◆ Exercise instructions
Note the line where "this 1332×1329 image." appears in the data below; write it out exactly, along with every line that comes after it to the end.
Start of Extracted material
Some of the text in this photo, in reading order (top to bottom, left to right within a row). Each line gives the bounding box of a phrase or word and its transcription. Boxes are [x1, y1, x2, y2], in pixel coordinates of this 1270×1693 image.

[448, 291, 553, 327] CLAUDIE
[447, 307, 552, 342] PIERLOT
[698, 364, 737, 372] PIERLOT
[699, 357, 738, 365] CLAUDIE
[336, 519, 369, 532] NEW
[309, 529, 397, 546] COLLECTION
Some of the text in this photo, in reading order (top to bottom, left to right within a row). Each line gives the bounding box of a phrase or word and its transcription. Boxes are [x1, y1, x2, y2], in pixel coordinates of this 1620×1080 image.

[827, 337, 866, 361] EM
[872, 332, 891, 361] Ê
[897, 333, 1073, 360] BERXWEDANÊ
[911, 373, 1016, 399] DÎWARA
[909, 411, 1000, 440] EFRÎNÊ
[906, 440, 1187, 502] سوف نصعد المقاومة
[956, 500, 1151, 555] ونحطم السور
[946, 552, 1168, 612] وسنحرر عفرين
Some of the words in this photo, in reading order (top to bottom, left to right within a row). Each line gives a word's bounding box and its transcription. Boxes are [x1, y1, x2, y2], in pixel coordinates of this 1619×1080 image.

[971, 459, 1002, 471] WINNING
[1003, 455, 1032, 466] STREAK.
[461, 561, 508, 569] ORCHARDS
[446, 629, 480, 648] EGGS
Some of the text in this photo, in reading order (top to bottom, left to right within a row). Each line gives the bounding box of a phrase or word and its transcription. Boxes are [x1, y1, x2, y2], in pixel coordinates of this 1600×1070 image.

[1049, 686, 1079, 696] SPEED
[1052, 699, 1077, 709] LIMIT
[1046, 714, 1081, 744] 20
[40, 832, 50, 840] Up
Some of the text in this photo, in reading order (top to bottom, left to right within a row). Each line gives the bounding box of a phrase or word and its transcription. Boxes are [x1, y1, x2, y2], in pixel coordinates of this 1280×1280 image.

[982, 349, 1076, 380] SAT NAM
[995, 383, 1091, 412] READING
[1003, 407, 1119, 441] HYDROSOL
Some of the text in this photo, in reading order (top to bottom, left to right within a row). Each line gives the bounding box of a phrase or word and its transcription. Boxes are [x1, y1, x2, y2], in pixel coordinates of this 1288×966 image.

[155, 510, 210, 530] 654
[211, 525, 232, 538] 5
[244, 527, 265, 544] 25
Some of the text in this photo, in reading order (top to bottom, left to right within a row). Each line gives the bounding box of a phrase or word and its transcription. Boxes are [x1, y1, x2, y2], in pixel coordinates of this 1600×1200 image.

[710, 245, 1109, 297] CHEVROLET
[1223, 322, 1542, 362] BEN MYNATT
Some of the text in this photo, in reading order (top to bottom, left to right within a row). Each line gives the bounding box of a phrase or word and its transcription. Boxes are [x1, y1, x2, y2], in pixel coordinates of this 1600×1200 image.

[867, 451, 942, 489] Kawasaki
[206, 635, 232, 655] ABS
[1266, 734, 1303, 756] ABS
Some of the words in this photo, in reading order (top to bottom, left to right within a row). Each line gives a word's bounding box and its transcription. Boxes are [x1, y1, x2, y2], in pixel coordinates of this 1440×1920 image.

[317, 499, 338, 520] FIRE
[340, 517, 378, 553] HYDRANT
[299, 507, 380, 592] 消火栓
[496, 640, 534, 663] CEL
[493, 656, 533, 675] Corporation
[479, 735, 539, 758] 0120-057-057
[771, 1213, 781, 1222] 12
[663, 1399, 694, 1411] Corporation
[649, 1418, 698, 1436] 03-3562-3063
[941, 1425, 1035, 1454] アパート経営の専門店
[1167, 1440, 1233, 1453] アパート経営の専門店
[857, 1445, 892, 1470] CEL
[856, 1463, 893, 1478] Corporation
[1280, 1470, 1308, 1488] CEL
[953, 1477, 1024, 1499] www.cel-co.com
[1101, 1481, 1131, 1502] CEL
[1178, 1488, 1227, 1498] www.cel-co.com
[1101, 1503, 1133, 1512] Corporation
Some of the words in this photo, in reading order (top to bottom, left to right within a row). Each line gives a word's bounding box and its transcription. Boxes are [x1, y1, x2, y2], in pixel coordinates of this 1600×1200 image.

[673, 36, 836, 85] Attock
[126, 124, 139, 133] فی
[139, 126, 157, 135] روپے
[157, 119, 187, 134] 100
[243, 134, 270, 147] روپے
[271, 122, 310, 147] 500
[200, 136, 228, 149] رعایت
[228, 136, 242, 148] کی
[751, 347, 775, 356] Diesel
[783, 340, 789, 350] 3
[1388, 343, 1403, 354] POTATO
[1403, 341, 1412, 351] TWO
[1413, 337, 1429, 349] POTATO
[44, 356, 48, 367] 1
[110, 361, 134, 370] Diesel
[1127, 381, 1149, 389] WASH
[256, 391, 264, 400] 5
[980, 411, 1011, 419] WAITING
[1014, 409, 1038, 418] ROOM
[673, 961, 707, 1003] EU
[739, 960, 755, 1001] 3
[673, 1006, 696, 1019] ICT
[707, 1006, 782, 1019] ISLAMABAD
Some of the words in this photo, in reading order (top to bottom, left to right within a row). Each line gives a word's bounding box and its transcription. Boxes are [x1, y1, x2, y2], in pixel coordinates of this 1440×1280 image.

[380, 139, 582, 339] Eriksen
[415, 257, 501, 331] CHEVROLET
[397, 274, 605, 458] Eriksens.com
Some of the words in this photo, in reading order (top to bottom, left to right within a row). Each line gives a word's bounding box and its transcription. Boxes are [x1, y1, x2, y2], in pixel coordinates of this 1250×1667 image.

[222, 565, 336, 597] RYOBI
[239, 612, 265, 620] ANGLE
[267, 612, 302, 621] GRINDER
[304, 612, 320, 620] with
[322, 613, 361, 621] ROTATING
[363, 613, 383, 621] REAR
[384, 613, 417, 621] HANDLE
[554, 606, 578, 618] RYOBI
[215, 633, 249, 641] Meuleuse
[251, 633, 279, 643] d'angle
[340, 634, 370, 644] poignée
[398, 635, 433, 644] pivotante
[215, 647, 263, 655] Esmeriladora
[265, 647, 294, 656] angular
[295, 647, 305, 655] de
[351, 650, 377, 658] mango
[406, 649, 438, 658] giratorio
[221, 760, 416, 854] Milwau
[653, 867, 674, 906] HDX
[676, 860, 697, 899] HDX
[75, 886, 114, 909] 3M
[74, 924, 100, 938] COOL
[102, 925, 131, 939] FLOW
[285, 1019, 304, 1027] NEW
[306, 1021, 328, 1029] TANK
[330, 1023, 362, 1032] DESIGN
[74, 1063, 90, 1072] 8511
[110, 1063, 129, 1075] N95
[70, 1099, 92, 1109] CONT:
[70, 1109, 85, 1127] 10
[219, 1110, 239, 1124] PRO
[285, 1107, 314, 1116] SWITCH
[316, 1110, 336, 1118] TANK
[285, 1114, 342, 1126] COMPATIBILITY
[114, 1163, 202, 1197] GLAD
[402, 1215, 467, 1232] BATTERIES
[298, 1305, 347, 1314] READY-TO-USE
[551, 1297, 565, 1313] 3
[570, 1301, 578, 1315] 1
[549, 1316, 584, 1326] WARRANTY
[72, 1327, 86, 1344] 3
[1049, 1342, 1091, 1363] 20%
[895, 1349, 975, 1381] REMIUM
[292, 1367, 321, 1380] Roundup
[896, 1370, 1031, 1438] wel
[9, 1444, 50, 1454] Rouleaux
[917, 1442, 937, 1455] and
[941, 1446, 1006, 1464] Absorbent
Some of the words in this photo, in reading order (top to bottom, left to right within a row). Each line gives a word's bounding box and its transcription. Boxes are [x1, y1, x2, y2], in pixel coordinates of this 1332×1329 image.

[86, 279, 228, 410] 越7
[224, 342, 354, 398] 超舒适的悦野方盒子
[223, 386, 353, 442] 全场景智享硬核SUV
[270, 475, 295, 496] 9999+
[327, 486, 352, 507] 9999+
End of Extracted material
◆ Result of this task
Some of the words in this photo, in reading order (top to bottom, left to right within a row). Each line gives a word's bounding box and its transcription. Boxes are [x1, y1, x2, y2], in pixel coordinates of this 1332×1329 image.

[86, 279, 228, 410] 越7
[224, 342, 354, 398] 超舒适的悦野方盒子
[223, 386, 353, 442] 全场景智享硬核SUV
[270, 475, 295, 496] 9999+
[327, 486, 352, 507] 9999+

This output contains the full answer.